_PROBLEM DETAILS_: The records below must be written out exactly, with every picture left behind.

_THE INPUT_:
**********
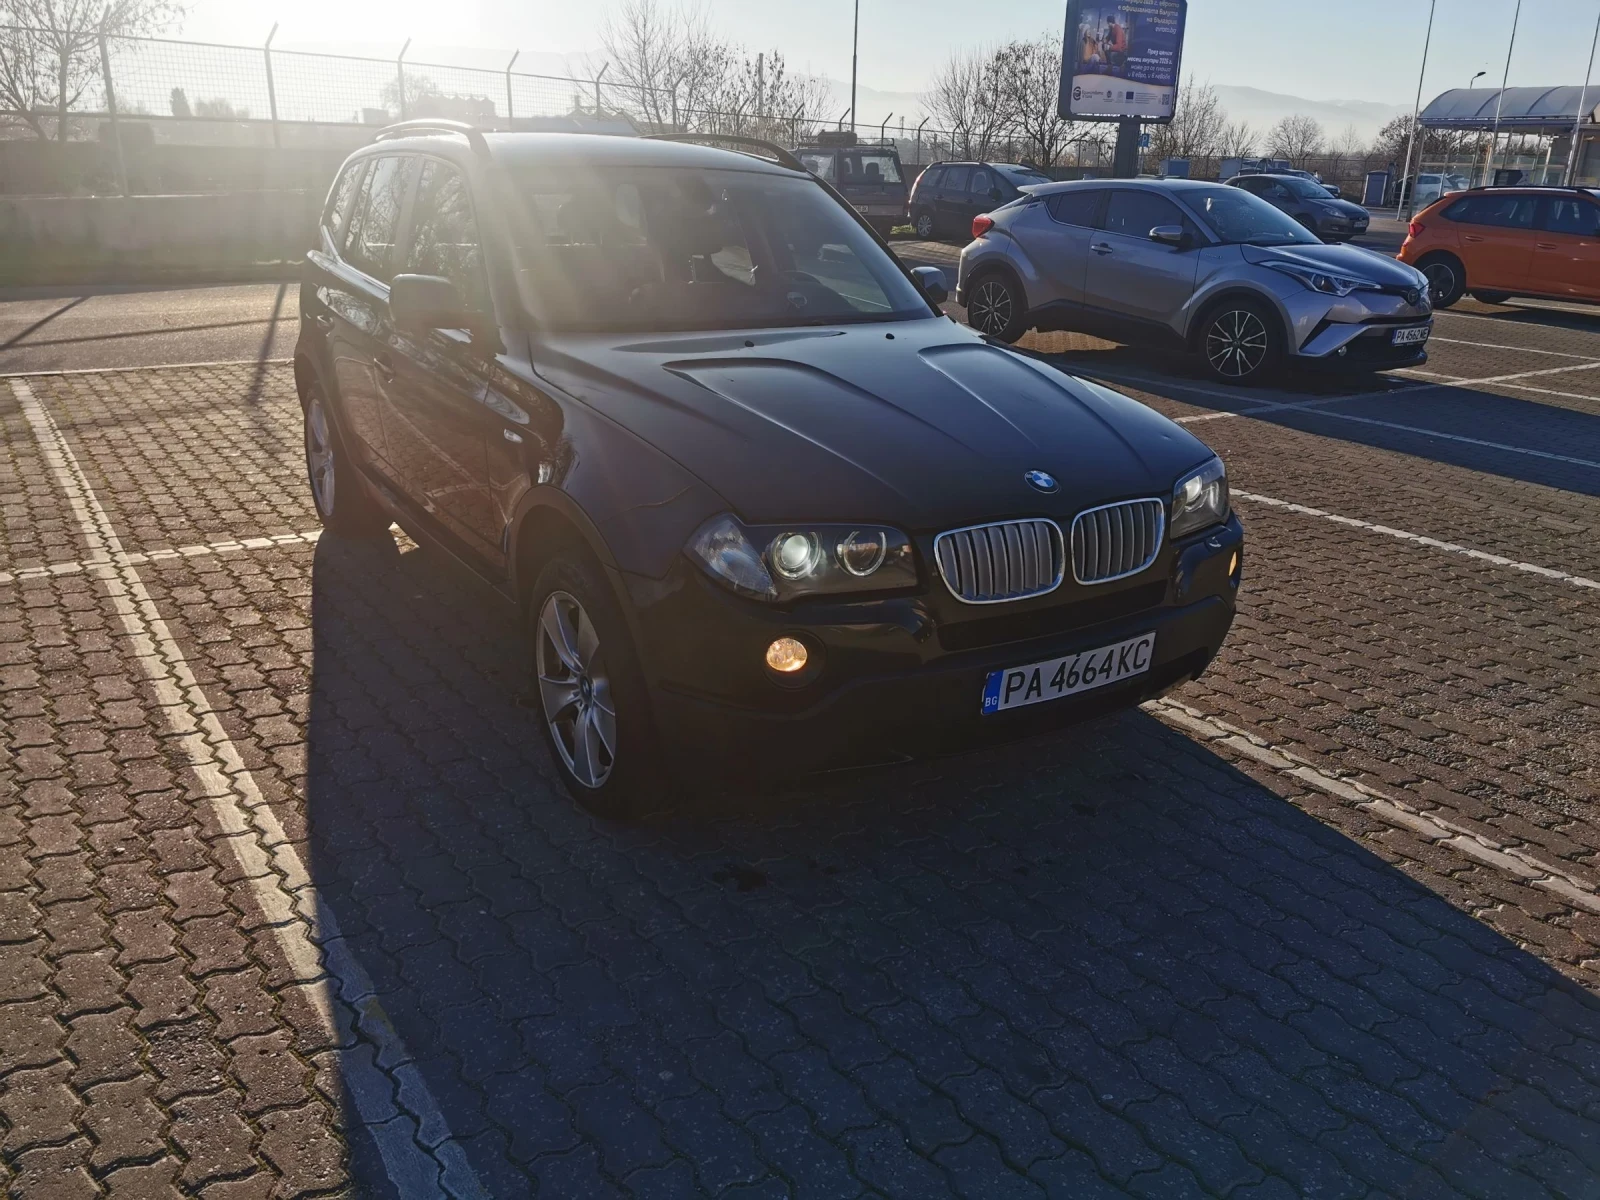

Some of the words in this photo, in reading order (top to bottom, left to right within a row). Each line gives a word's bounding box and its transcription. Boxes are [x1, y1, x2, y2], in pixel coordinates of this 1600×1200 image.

[1122, 5, 1158, 14] официалната
[1159, 8, 1178, 17] валута
[1004, 667, 1042, 704] PA
[985, 696, 997, 707] BG
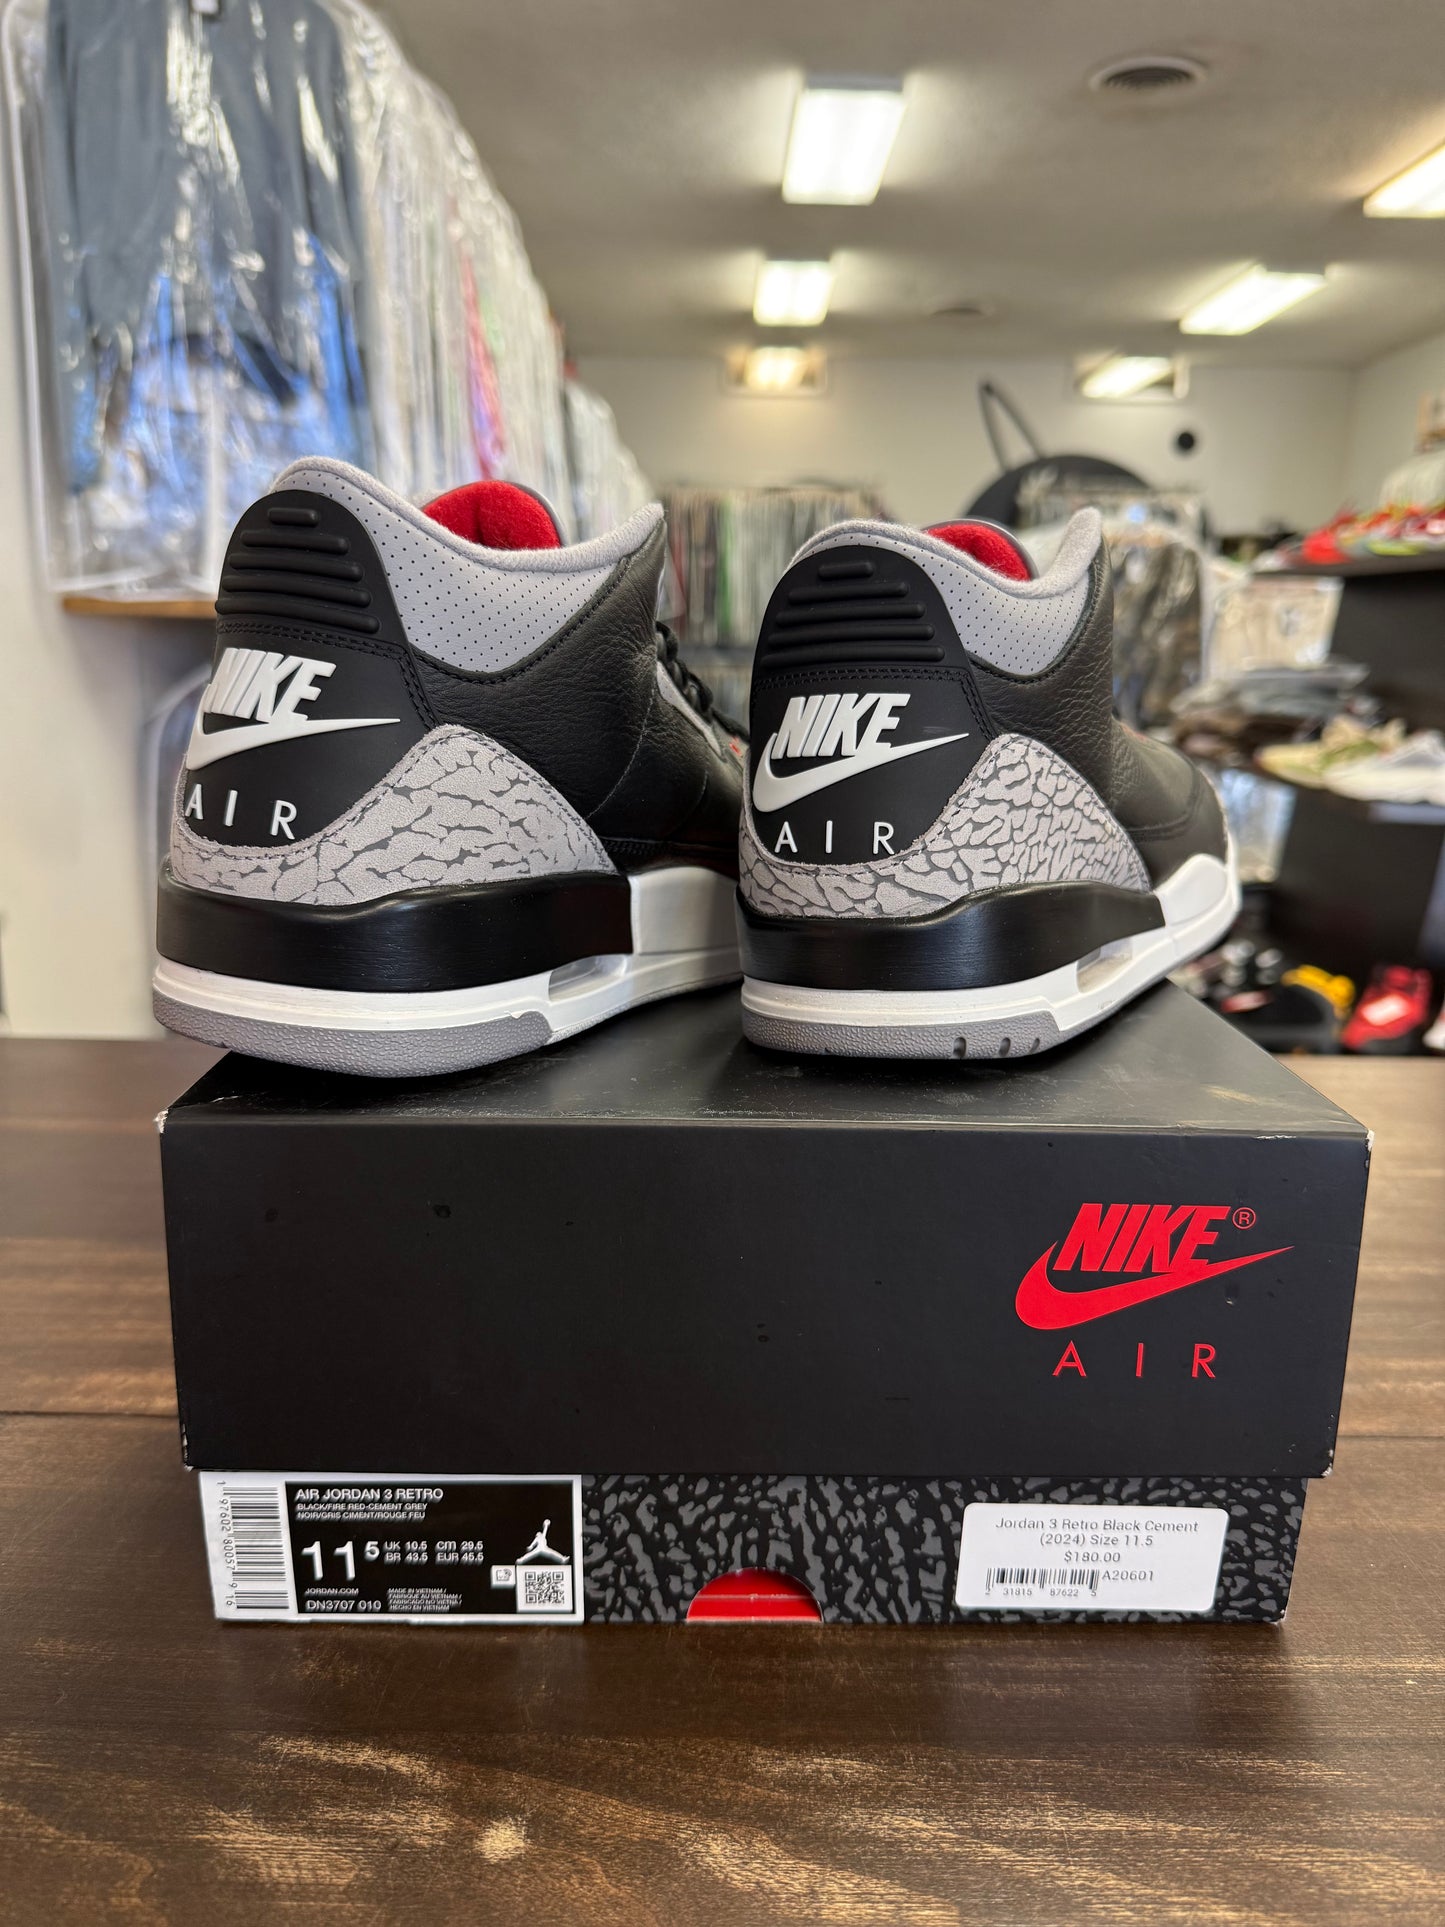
**********
_WRITTEN RESPONSE_:
Some of the words in this photo, in reading order (top to bottom, left to right within a row). Each line gives a word's bounding box and its transcription. Boxes are [x1, y1, x2, y2], in pixel coordinates of this 1600×1200 image.

[1122, 5, 1158, 14] официалната
[1159, 8, 1178, 17] валута
[1004, 667, 1042, 704] PA
[985, 696, 997, 707] BG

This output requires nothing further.